The interest rate on a 30 year mortgage just fell under 4% for the first time in history.  Truly incredible times we live in.

The government now issues all new mortgages, (or insures them) allowing lenders to lend an unlimited amount of tax payer money into the market for toxic mortgages.  This has the effect of pushing rates downward (higher demand) just as it did during 2000 - 2006 when loans were packaged as CDO's and sold off to Wall Street.

While the government is spending our future today by lending money to Americans to purchase homes they should not be buying, the Federal Reserve is now purchasing 30 year government bonds.  This action has brought the interest rate on a 30 year treasury bond under 3%, also closing in on record territory.

When bond rates fall, their principle value rises.  When bond rates rise, their principle value falls.  It is like a see-saw.

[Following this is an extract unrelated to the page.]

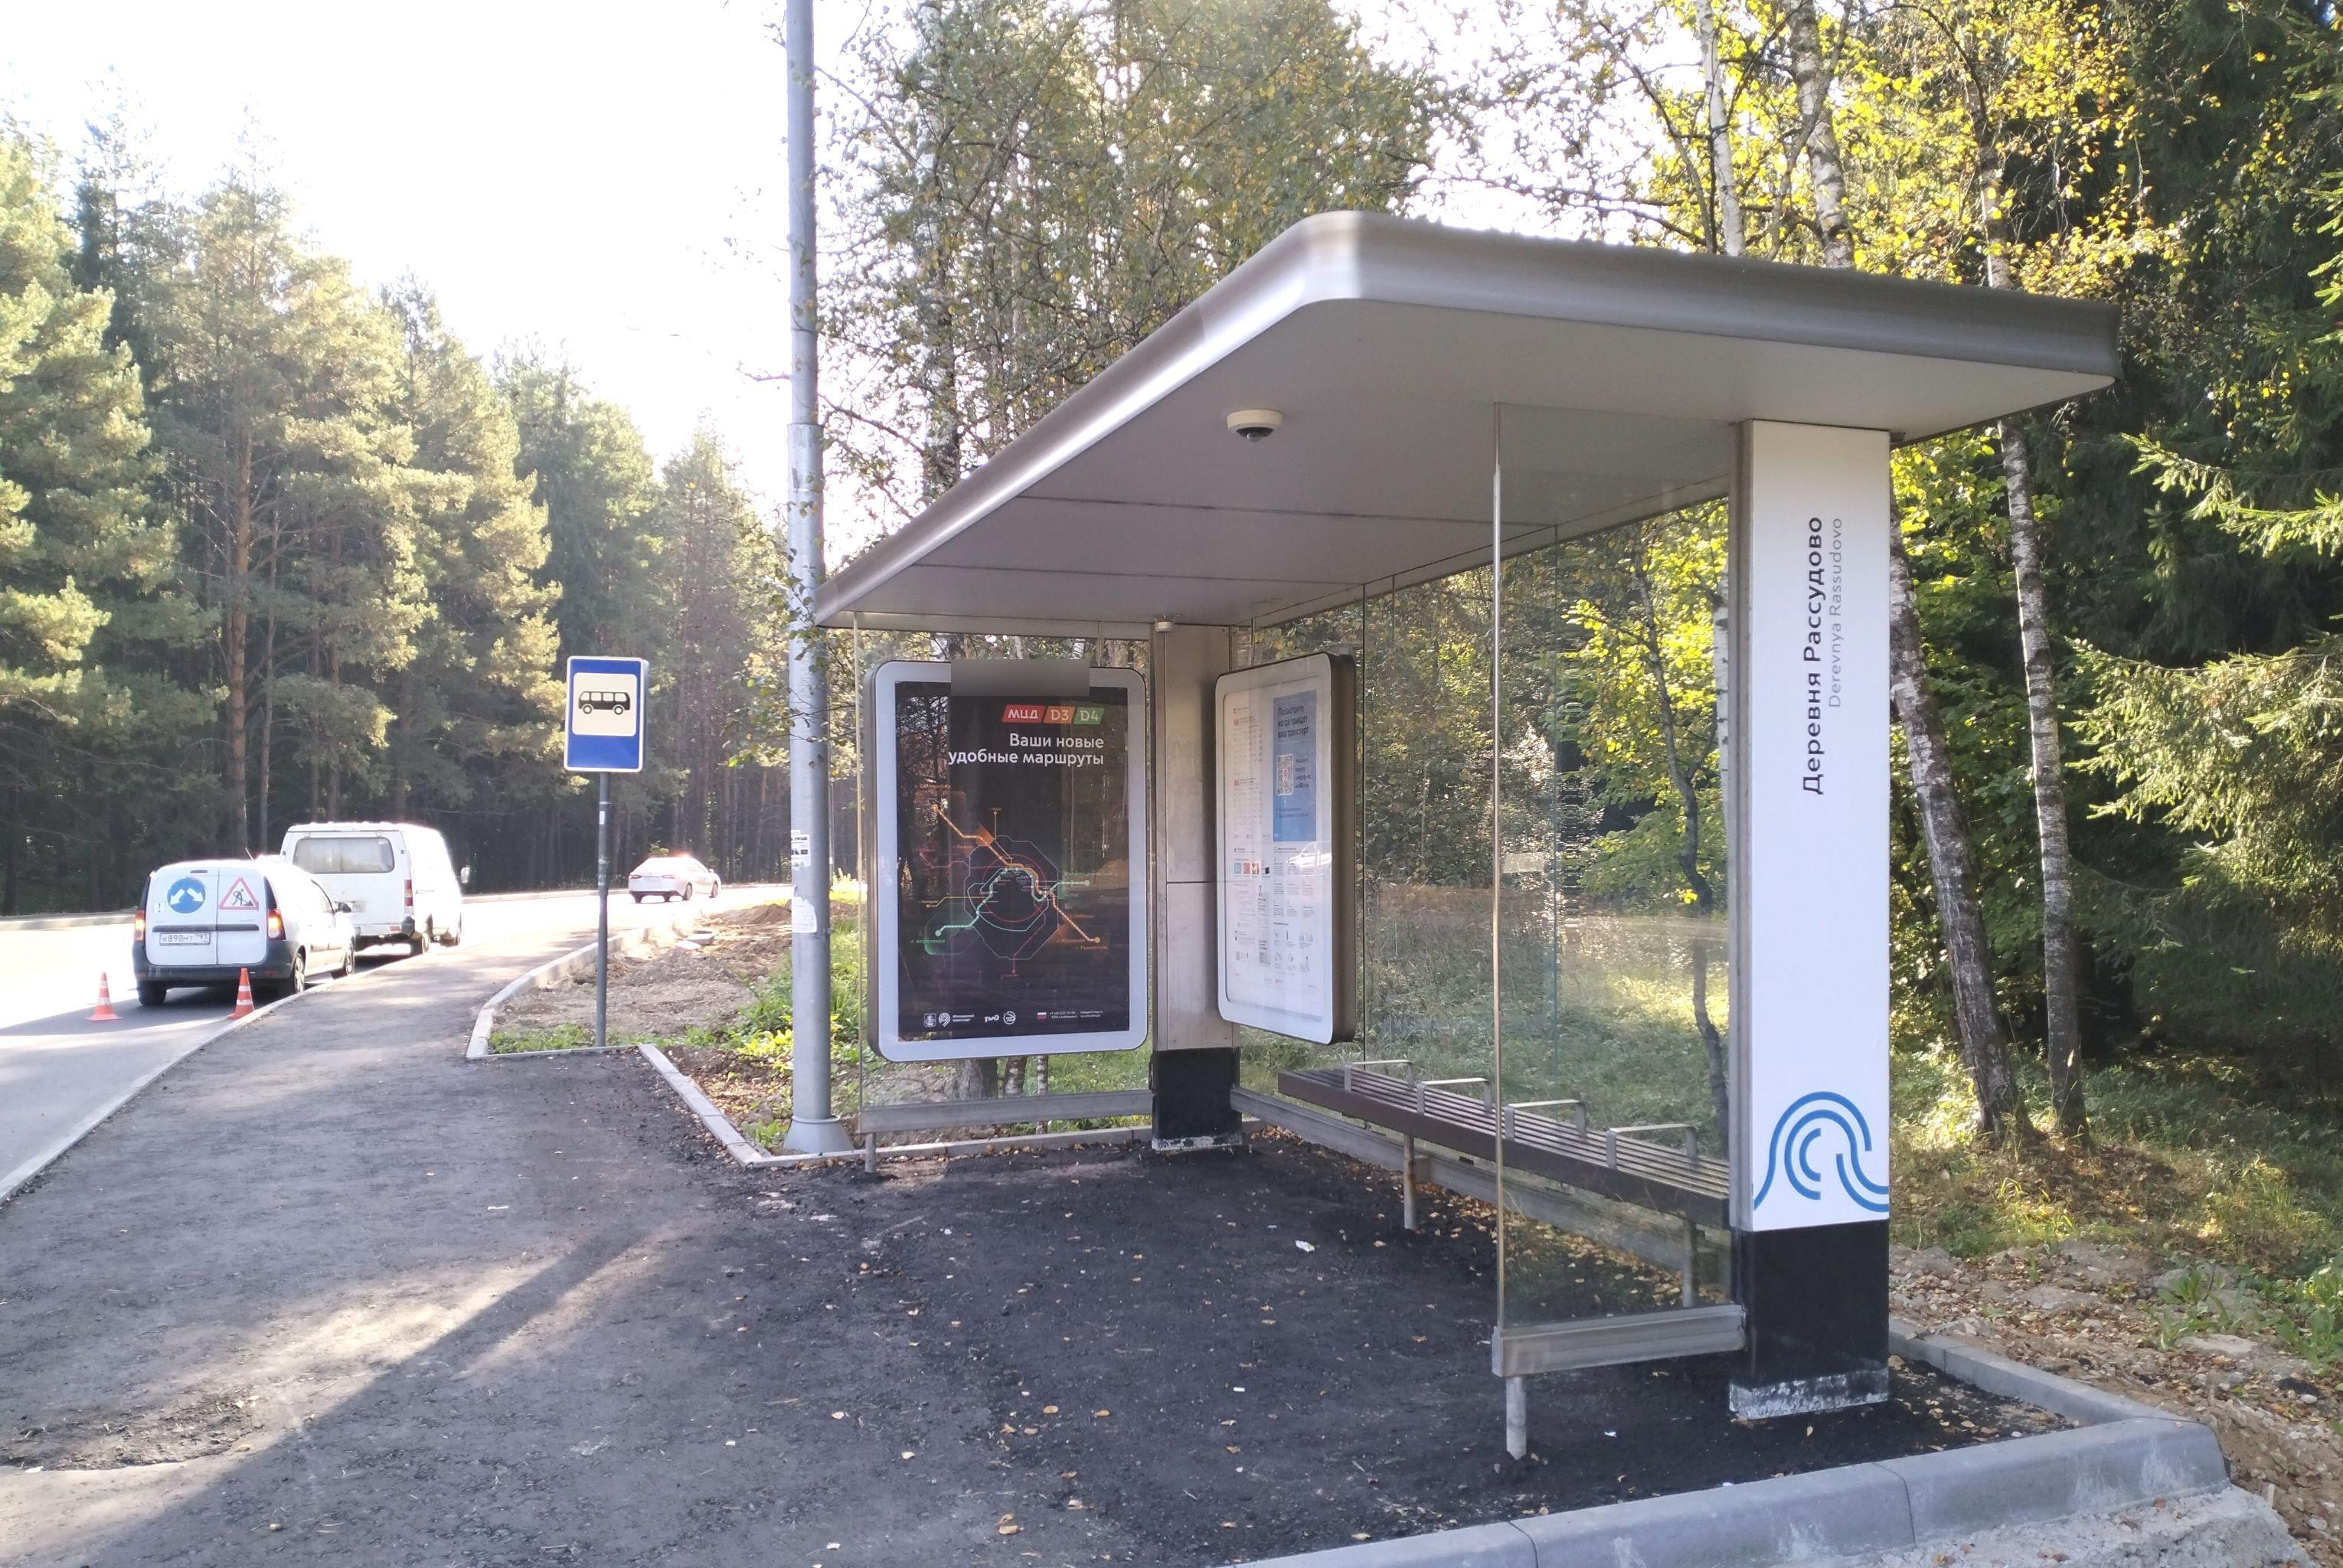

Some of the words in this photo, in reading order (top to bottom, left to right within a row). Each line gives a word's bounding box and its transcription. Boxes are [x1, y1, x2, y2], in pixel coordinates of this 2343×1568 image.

To compare the government and Fed's actions today, imagine if they stepped into the market to purchase worthless dot com stocks in the year 2000 (to try and push prices higher), or entered the residential real estate market in 2006 and began purchasing homes on your street at bubble prices to keep them artificially afloat.

It is no different.  When the interest rates on these bonds rise, the asset values will be destroyed.

In 2000 and 2006 the government and the Fed stepped in to bail out Wall Street when they were buying the assets at bubble prices, but who will bail out the government and the Fed when the assets they are purchasing today fall precipitously?